--- SUPPLIED DATA Enclosed Below ---

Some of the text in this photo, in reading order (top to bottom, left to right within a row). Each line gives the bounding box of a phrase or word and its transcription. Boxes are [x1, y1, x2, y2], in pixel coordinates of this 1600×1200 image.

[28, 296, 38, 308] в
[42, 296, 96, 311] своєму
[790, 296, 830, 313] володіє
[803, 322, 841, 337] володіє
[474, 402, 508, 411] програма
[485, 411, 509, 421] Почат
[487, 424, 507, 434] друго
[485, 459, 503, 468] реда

--- End of Enclosed SUPPLIED DATA ---

HOW TO COMPLETE THIS TASK
Your task is to reproduce all the records above exactly as they appear.

WORKED SOLUTION
Some of the text in this photo, in reading order (top to bottom, left to right within a row). Each line gives the bounding box of a phrase or word and its transcription. Boxes are [x1, y1, x2, y2], in pixel coordinates of this 1600×1200 image.

[28, 296, 38, 308] в
[42, 296, 96, 311] своєму
[790, 296, 830, 313] володіє
[803, 322, 841, 337] володіє
[474, 402, 508, 411] програма
[485, 411, 509, 421] Почат
[487, 424, 507, 434] друго
[485, 459, 503, 468] реда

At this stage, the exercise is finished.